We repeated the regression analyses among those who participated 10–15 days after the start of the corona survey, showing almost similar results. Having heart problems was no longer significantly associated with preventive measures, while respondents in the age category 35–49 years old more often took preventive measures than the youngest subgroup of respondents.
Discussion
Main results of this prospective population based-study are that during the 2-week study period (March 2 to March 17 2020) the number of respondents who perceived the risk of being infected by the new coronavirus SARS-CoV-2 as high, increased sharply (10% to 44%). Multivariable logistic regression analyses showed that respondents with pre-outbreak respiratory and heart problems, diabetes, anxiety and depression symptoms and loneliness, and older respondents more often perceived the risk becoming ill when infected as high. Although older respondents compared to the youngest respondents less often perceived the risk of being infected as high, compared to the youngest adults they more often perceived the risk of becoming ill when infected as high. The last finding is in line with the general information provided by governmental health agencies and media before and during our study period, suggesting that this information reached these specific groups. In line with the increased perceived risk to be infected, the number of respondents who took preventive measures increase too. However, respondents with pre-outbreak respiratory problems and diabetes did not more often take preventive measures than others, although they perceived the risk of becoming ill when infected more often as high. A similar remarkable pattern was found for pre-outbreak loneliness and anxiety and depression symptoms. In addition, analyses of respondents who participated 10–15 after the start of the study showed that respondents with respiratory problems, heart problems and diabetes did not differ in the proportion of people who took preventive measures. With respect to employment status, the multivariable logistic regression analyses furthermore showed that students more often perceived the risk of infection as medium, but not more often as high compared to respondents with paid employment. Respondents with (partial) work disabilities compared to those with paid employment, more often perceived the risk of infection and becoming ill when infected as medium and high. Nevertheless, those with paid employment did not differ in the prevalence of preventive measures taken from the other employment subgroups.

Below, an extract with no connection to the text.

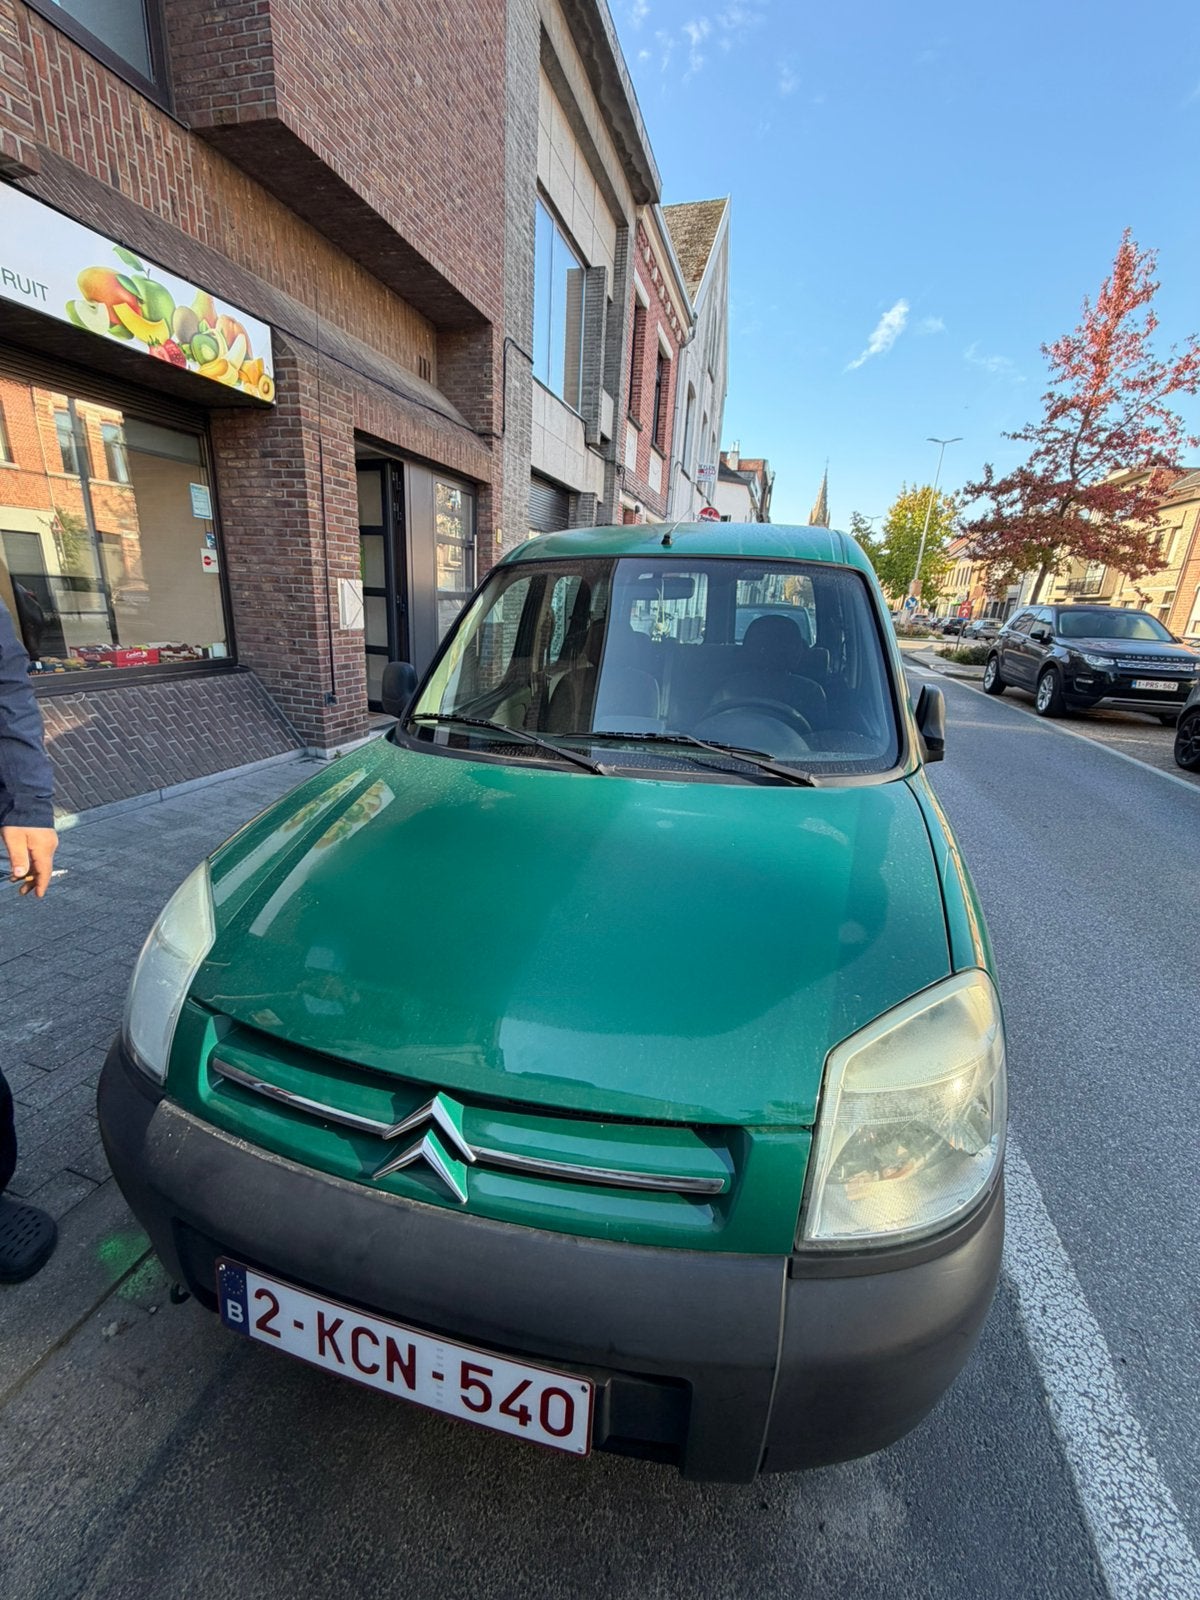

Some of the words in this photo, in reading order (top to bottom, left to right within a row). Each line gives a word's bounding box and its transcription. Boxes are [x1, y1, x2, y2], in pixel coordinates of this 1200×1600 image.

[1, 267, 48, 301] RUIT
[227, 1299, 244, 1323] B
[254, 1288, 575, 1438] 2-KCN-540

Our findings are somewhat similar to the results of a study reported by the WHO Regional Office for Europe [6]. This serial cross-sectional study conducted in Germany in almost the same period as our study (week 10 and 11 2020) showed that the prevalence of respondents who perceived the risk to be infected by the coronavirus as high, increased from 16.8% to 21.4%. They furthermore reported, like us, that older respondents (60+) felt less likely be infected. In the study by Wang and colleagues [8] about 10% did not found it very likely or not likely at all to survive COVID-19. We have no data to compare these findings with. Importantly, in our study the effects of other factors that are associated with the perceived risk of corona infection were controlled for such as pre-outbreak respiratory and heart problems, and education level. Asmundson and Taylor [20] reported that, according to polls, in the US 56% was very concerned about the spread of the virus and in that Canada 7% was very concerned about becoming infected. The prevalence of respondent participating in the third and last period who used preventive measures slightly approximated the prevalence found by Wang and colleagues [8].
To date many studies on our research topic are initiated and conducted. However, when finalizing this study we were unaware of studies based on random samples among the general population published in peer-reviewed journals, on the perceived risks, the use of preventive measures and their pre-outbreak determinants, to compare our findings with.
Strengths and limitations
Strength of the present study are the use of a large traditional probability based sample drawn from the Dutch population, the prospective study-design, data on pre-outbreak physician-diagnosed diseases, and use of well validated instruments on anxiety and depression symptoms, and loneliness.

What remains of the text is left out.